The then Black Stars coach said the team was divided because some players used ‘black power’ against their own teammates, a shocking exposé, when the ‘good’ trusted practice turns around to spell doom for a team! Grappling for positives, players and coaches have often reasoned that they seek the mediums fetish to protect themselves, perhaps from injuries, and for luck (read to score goals or for goalies punch out the balls) but rarely fashioned to work against their teammates.
What is widely regarded as match fixing elsewhere whenever there are questionable results or happenings during matches, in this part of the world, they blame it on the opponents’ superior mediums whose potent charms may have weakened the players.
Teams, players and coaches have been known to consult witchdoctors who dish out charms or instructions on how to win their games. Unlike some of the coaches’ calls that can be ignored, the witchdoctors’ instructions are often followed to the letter. When former Cameroon goalkeeper Thomas Nkono was caught interring some bones and pouring some concussions on the pitch during the 2002 AFCON many disapproved of his arrest and detention arguing he was just performing crucial team duties.
Some of the teams are even known to include witchdoctors in their entourage. For instance at the 2013 AFCON there were reports that losing cup finalists Burkina Faso had their marabout on the ground. One of their journalists pointed out to me a colorfully dressed but shabby looking man, carrying around some paraphernalia who was always leading the cheers. He could easily pass for an overzealous Burkinabe fan. His presence and charm may have worked in his team’s favour but it seems it was not strong enough to win them the cup.
Magic charms aside, on paper all the teams in the African finals are always worthy contenders, there were three Anglophone speaking led by the four time winners Ghana, the 2015 losing finalist, alongside Zambia and South Africa who failed miserably in their quest for second continental titles.
Franco-sides led by partly Anglo Cameroon’s Indomitable Lions who last won the cup in 2002, 2013 quarterfinalists Burkina Faso and Mali favourite tag could not get them to the semi finals. It was also a painful return for the Teranga Lions of Senegal that comprised a youthful, deeply talented squad who believed 2015 offered them a good chance to end their AFCON duck. Teranga who missed the last edition, didn’t even come close to the final they reached 12 years ago when they lost the fight of the Lions in a tensed final decided on penalties against Cameroon.

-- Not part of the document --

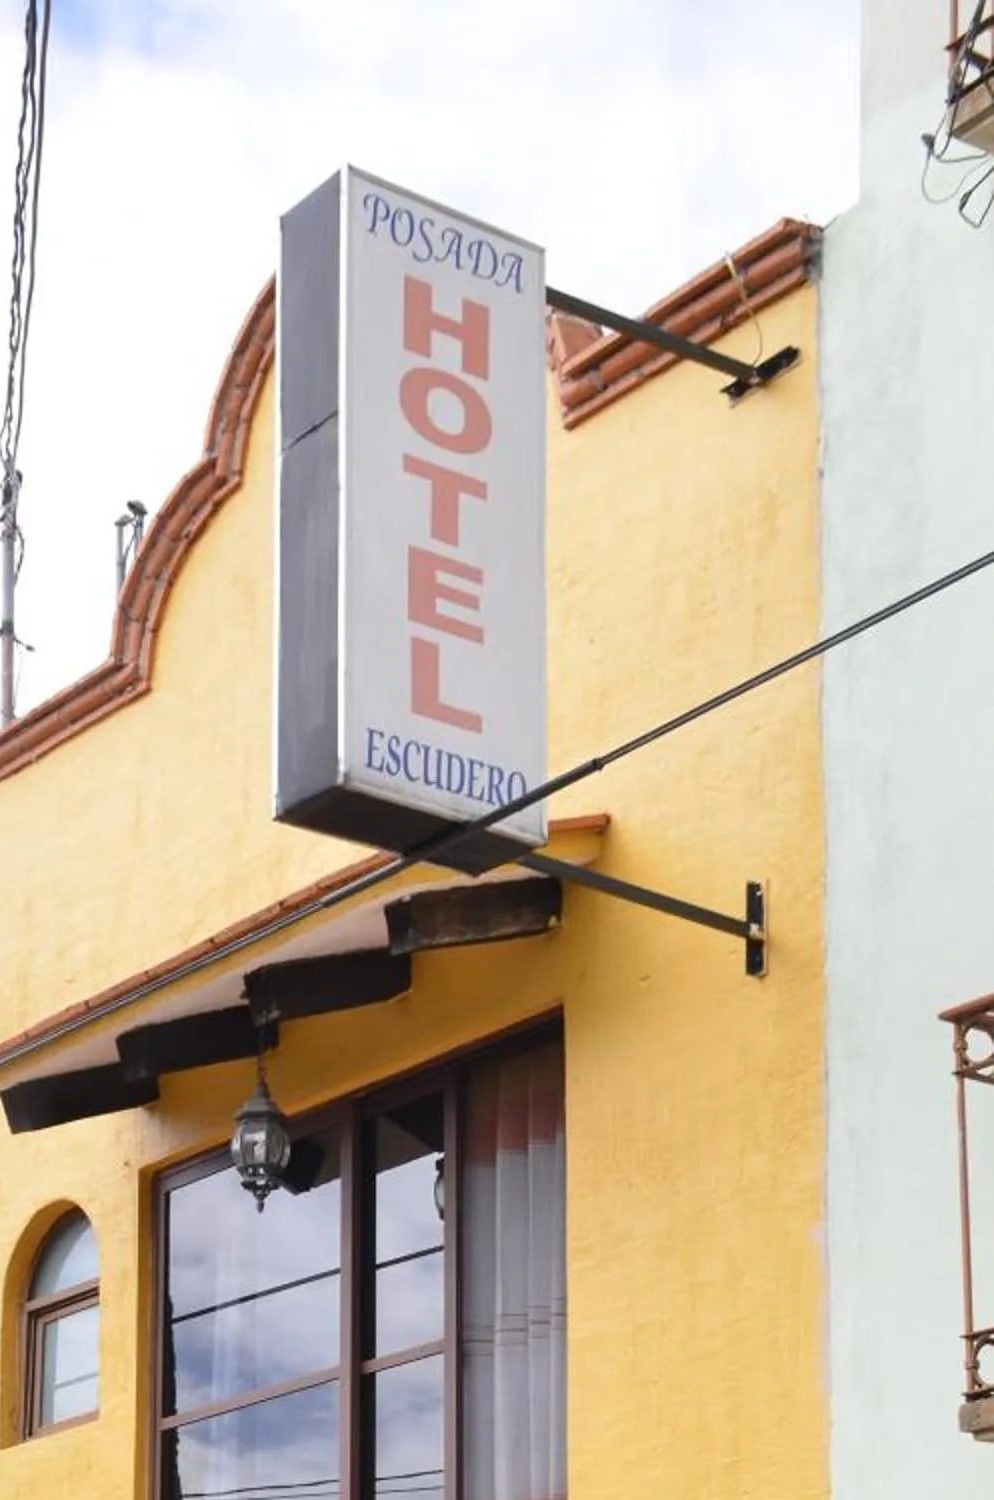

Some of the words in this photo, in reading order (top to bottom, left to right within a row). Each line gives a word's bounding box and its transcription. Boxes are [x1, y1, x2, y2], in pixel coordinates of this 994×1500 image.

[363, 193, 524, 294] POSADA
[398, 273, 493, 735] HOTEL
[365, 727, 528, 807] ESCUDERO
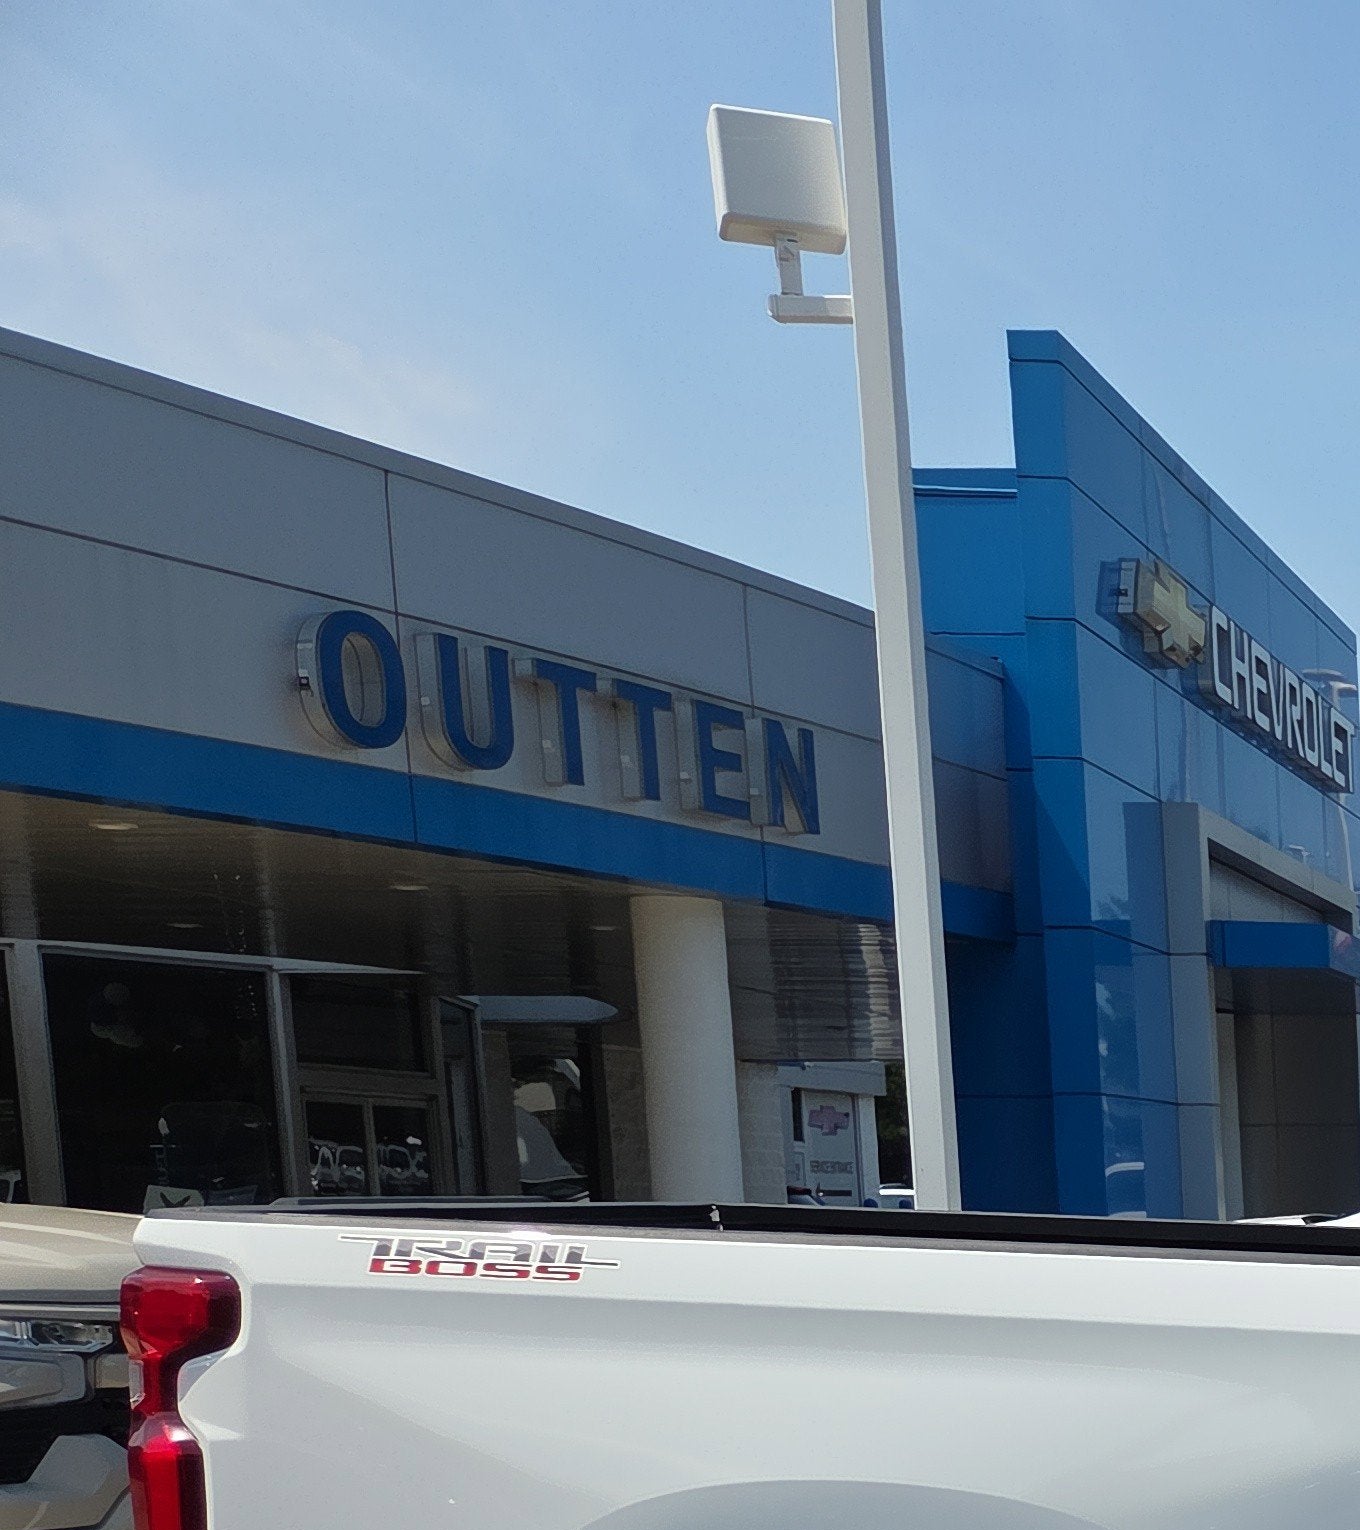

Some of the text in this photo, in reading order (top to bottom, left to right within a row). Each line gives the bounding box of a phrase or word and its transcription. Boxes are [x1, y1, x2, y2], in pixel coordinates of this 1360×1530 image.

With the brouhaha on the tournament’s hosting doused, and the Ebola spread contained, the African Cup excitement hit fever pitch. The 2014 edition propped an unlikely genius Jonathan Pitroipa of Burkina Faso, who was also the player of the tournament, before then it unleashed lethal Zambian striker Christopher Katongo, above average players who have grandiosely managed to upstage the experienced Africans based stars from retired Samuel Eto’o to Didier Drogba. Everton Ghanaian striker (23) was the leading light of the tournament; his stunning shot the standout stellar goal at AFCON 2015.
But in the end it was his premiership counterparts Manchester City teammates Yaya Toure and Wilfried Bony, Liverpool’s Kolo Toure and Crystal Palace’s Yannick Bolasie who snatched the trophy after the stretched shoot out….As thousands of their fans gyrated to the percussive coupe decale beats, a joyous moment for a nation mending after political turmoil and two civil wars.